Nach Untersuchungen in Bezug auf die Toponomastik (Ortsnamenforschung) lässt sich der Name Papenteich bis in mittelalterliche Urkunden verfolgen. Die ältesten Namensformen lauten dabei poppendic oder poppendyk. Die erste urkundliche Erwähnung des Papenteich entstammt der Braunschweiger Reimchronik (Ende 13. Jahrhundert), wo es mit Bezug auf die Landesteilung von 1267/1269 heißt: „dhen Poppendich zu teyle gaph herzogen Albrechte daz gevelle“.[5] In einer weiteren Urkunde von 1318 wird den Grafen von Wohldenberg die Grafschaft im „poppendik“ zugesprochen.

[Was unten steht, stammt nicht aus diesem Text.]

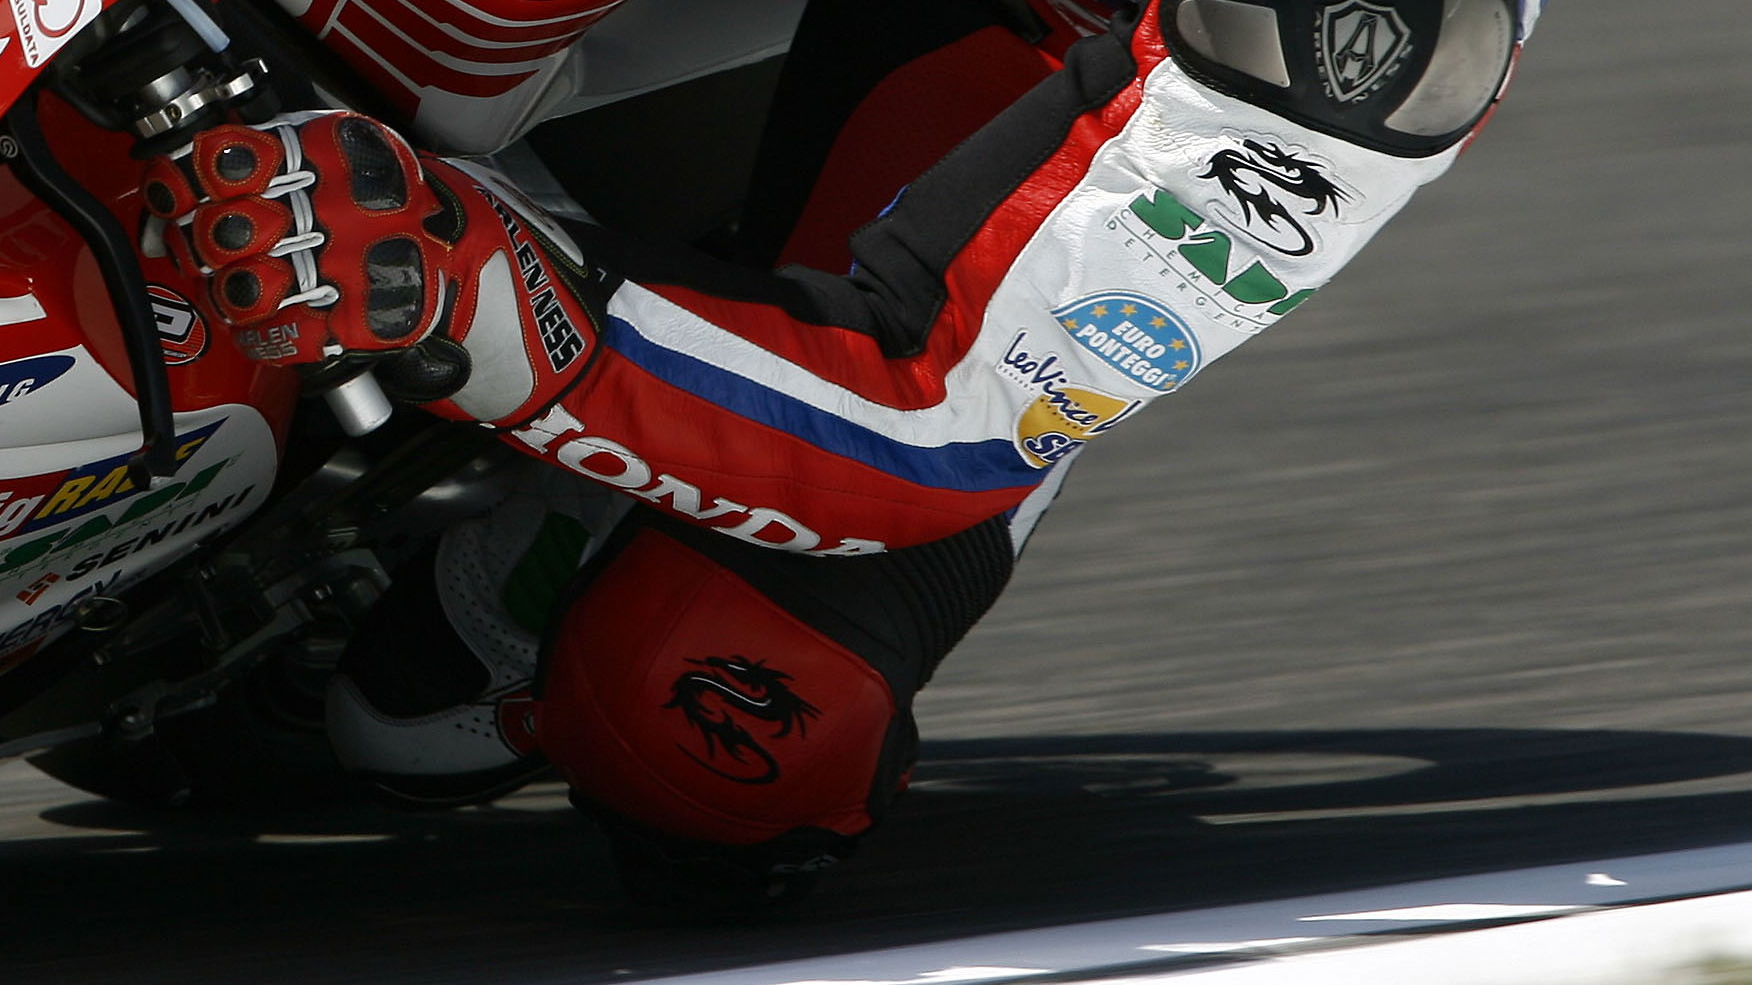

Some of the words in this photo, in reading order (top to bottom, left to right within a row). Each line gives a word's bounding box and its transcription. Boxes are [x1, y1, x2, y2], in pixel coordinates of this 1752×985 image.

Das Grundwort -diek kann für „Dickicht“ stehen, im Mittelniederdeutschen aber auch „Teich“ oder „Deich“ bedeuten, sowie im Mittelhochdeutschen auch „Grenze“ oder „wiedergutmachen, sühnen“. Was das Sühne- und Gerichtswesen betraf, so hatte der Papenteich tatsächlich in alten Zeiten eine eigene Thingstätte (vermutlich unter freiem Himmel), nämlich die Thingbänke zwischen Rötgesbüttel und Meine. Damit war der Papenteich ein eigener Gerichtsbezirk. Der erste Teil des Namens Papenteich kommt entgegen einer verbreiteten Legende nicht von den „Papen“ (Pfaffen), sondern vom Personennamen Poppo. Rinkel vermutet den wahrscheinlich 1164 verstorbenen Grafen Poppo I. von Blankenburg als Namensgeber.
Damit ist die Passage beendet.